What is SHAP Drift and Why Track It?
WHY TRACK FEATURE IMPORTANCE
SHAP (SHapley Additive exPlanations) values quantify each feature contribution to each prediction. Tracking SHAP values over time reveals how the model is using features differently as data changes.
A static model can produce shifting SHAP values when input distributions change. If feature A historically contributed 30% of predictions but now contributes 15%, something changed. This might indicate data drift, feature degradation, or concept drift.
WHAT SHAP DRIFT REVEALS
Feature degradation: If a feature importance drops significantly, the feature may be corrupted or less predictive. A user activity feature dropping from #1 to #5 importance warrants investigation.
Model reliance shifts: If the model starts relying heavily on a feature it previously ignored, the world may have changed. This could indicate concept drift or a shift in what drives outcomes.

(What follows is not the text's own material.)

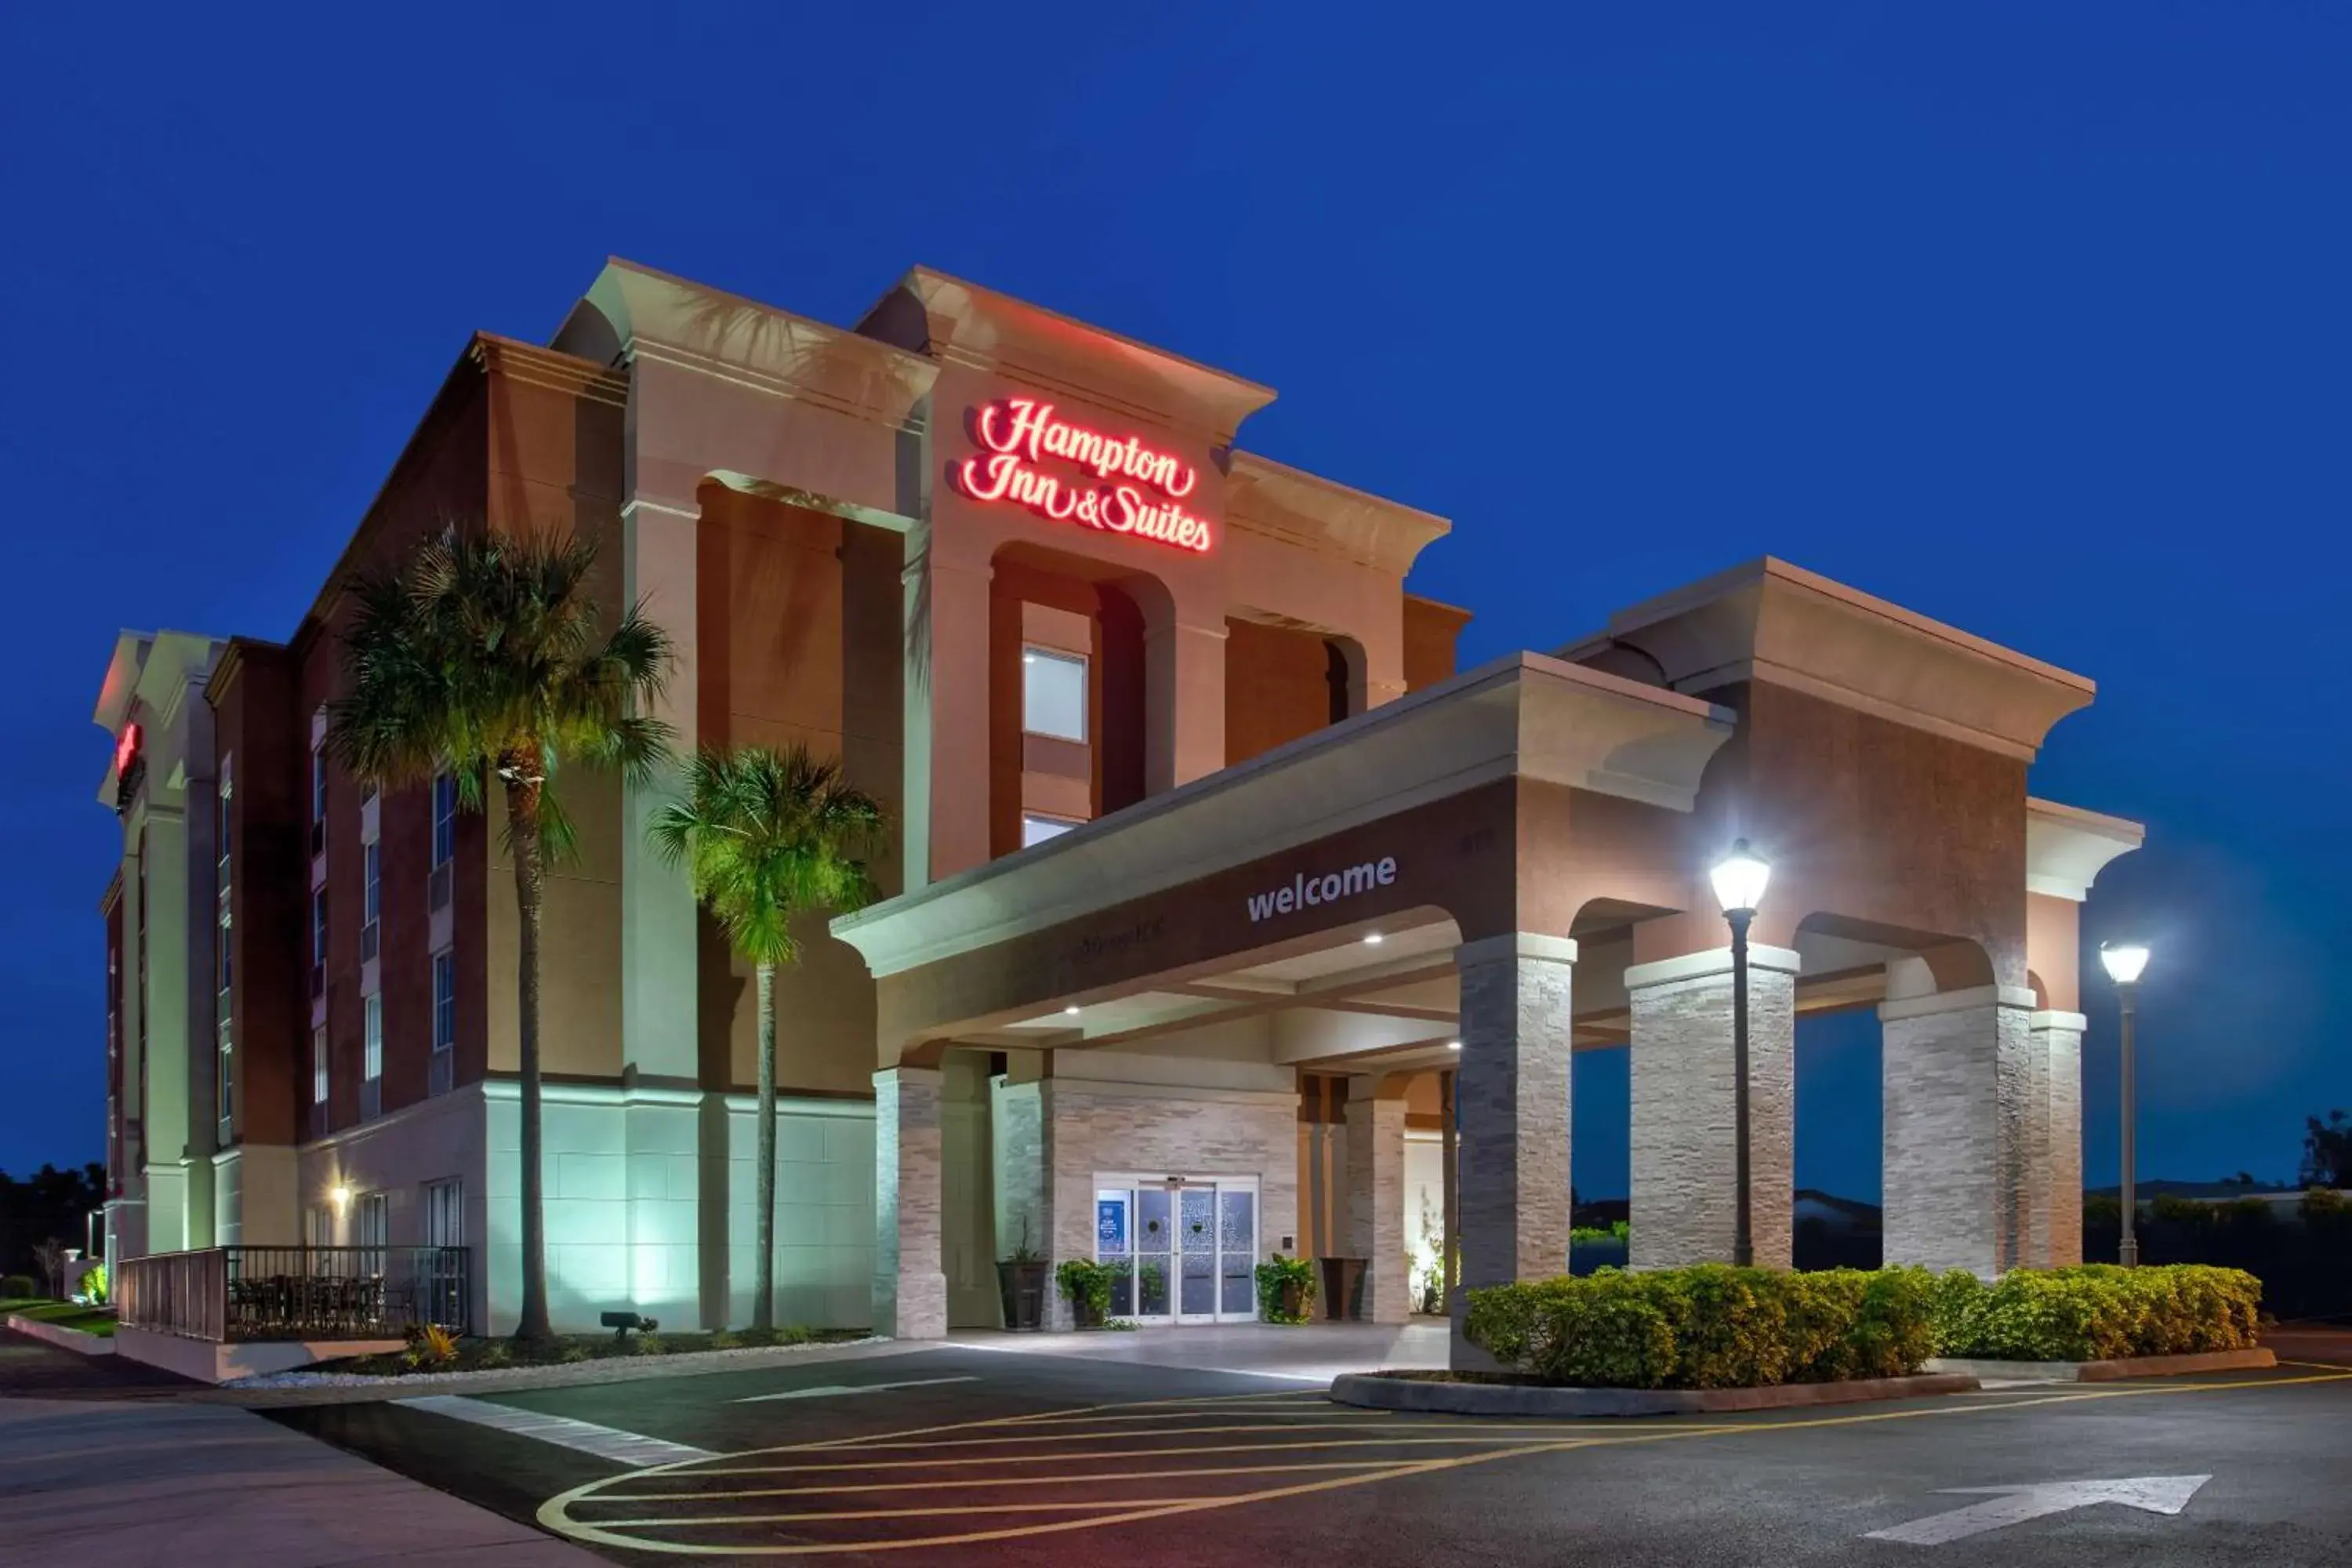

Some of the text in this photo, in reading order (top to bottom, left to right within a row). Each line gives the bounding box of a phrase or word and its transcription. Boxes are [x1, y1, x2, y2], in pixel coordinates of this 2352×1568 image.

Fairness monitoring: If sensitive features (age, gender, location) increase in importance, the model may be developing bias. SHAP monitoring enables early bias detection.
SHAP VS OTHER IMPORTANCE METRICS
SHAP has theoretical guarantees (consistency, local accuracy) that permutation importance lacks. SHAP values are additive: sum of SHAP values equals prediction minus baseline. This makes them interpretable and comparable.
Downside: SHAP is computationally expensive. Exact SHAP for tree models is fast; for deep learning, approximations (Kernel SHAP) are needed and can be slow.